When an isomorphous difference Patterson is calculated, GraphEnt will plot the normal probability diagram of the input data, together with a reference dotted line of gradient 1.0 and zero intercept12. The usage of the normal probability plots for accessing the usefulness (or otherwise) of a putative derivative is well documented and will not be discussed here (see Howell, P.L. & Smith, G.D. (1992), J. Appl. Cryst., 25, 81-86, and Abrahams, S.C. & Keve, E.T. (1971), Acta Cryst., A 27, 157-165). If you scaled your (macromolecular) data using the program scaleit from the CCP4 suite, then although you have not seen the plot, you have seen the variation of its gradient and intercept versus resolution (using the program xloggraph on the .log file written by scaleit). The reason for repeating the calculation here, is that the normal probability plot can also be used to select suspect data that do not fit an otherwise linear trend. The important thing is that the selection is not performed on the basis of just the magnitude of the difference (ie || FPH| - | FP||, as happens in scaleit), but on the basis of both the observed amplitudes and their standard deviations. The normal probability plot together with the ``large contributions to '' table (files CHIcontributions.dat and CHIcontributions.ps), which is produced after the calculation is over, should allow you to justifiably select outliers13.

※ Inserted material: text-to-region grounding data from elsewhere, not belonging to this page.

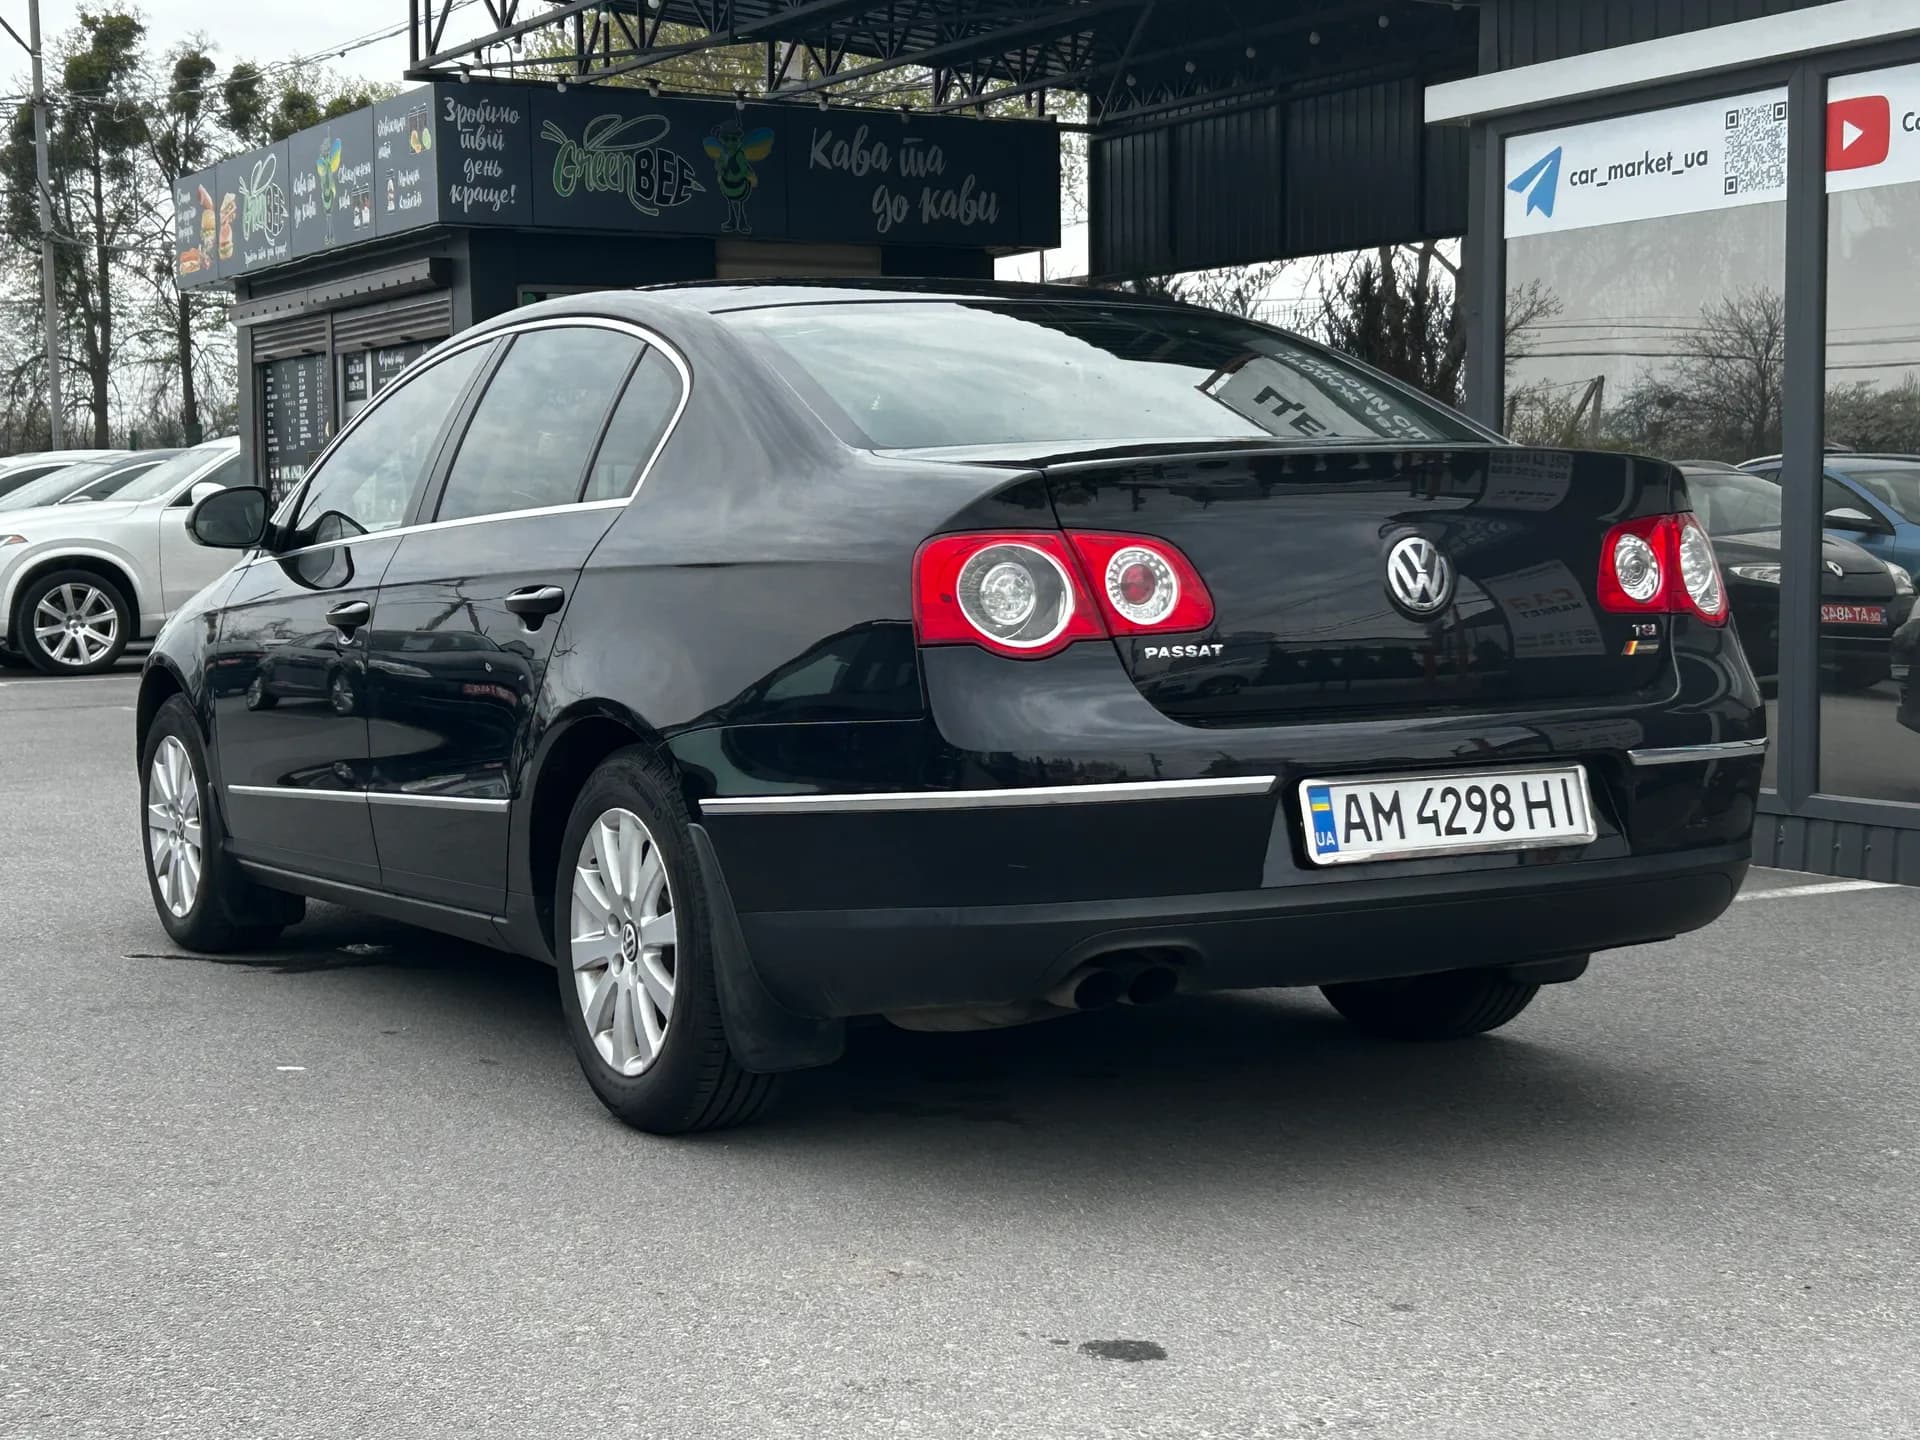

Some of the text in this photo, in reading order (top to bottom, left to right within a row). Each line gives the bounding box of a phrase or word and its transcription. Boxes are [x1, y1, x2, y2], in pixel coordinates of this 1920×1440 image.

[809, 125, 946, 177] Кава та
[463, 158, 503, 183] день
[1569, 149, 1709, 187] car_market_ua
[449, 184, 516, 213] краще!
[871, 173, 1001, 234] до кави
[1144, 643, 1224, 660] PASSAT
[1343, 777, 1575, 844] AM 4298 HI
[1315, 831, 1336, 848] UA
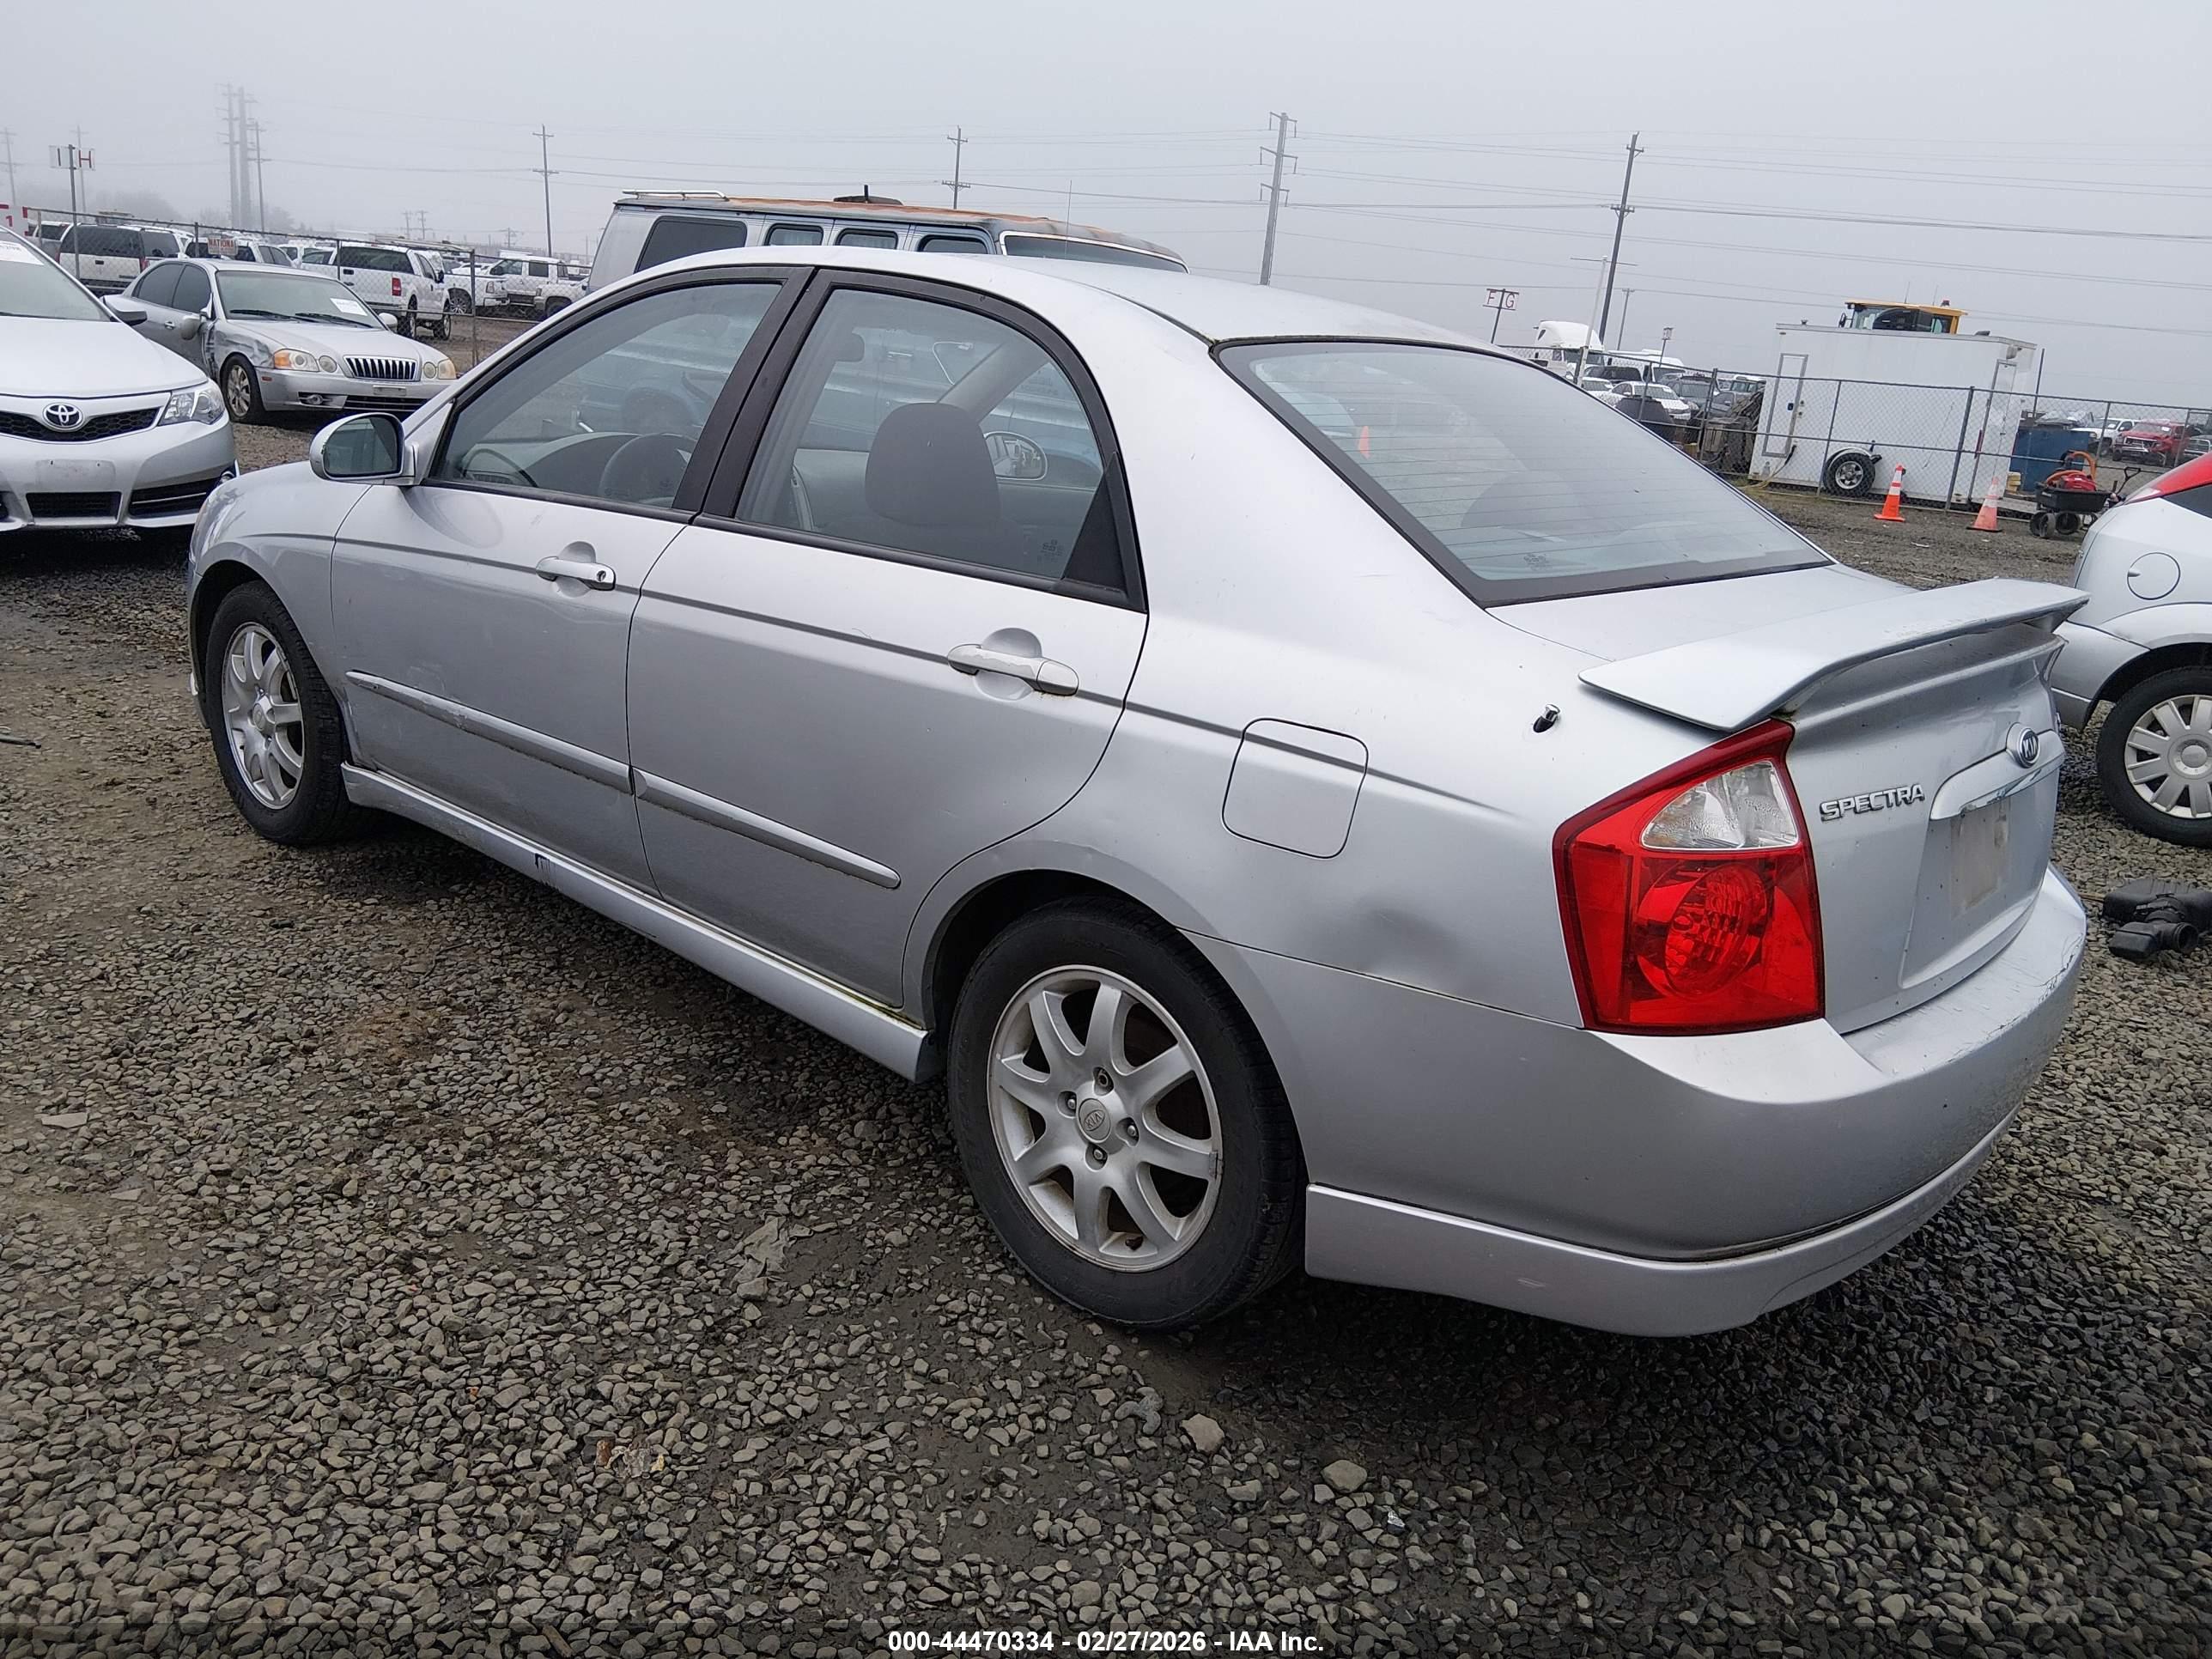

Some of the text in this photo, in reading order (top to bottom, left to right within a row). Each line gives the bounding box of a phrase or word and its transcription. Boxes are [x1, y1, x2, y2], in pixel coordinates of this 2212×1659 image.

[78, 149, 92, 169] H
[1486, 289, 1497, 305] F
[1505, 293, 1516, 308] G
[1820, 783, 1925, 822] SPECTRA

This is achieved as follows : GraphEnt will write out an ASCII file (named Normplot_tails.dat which contains the hkl indeces for all reflections that comprise the tails of the plot. These points are shown in the graphics window with a different colour. If some of these points deviate significantly from the rest of the plot, then they are candidates for rejection (note that some deviation from linearity will always be present near the tails. What you are looking for is an outstanding deviation.)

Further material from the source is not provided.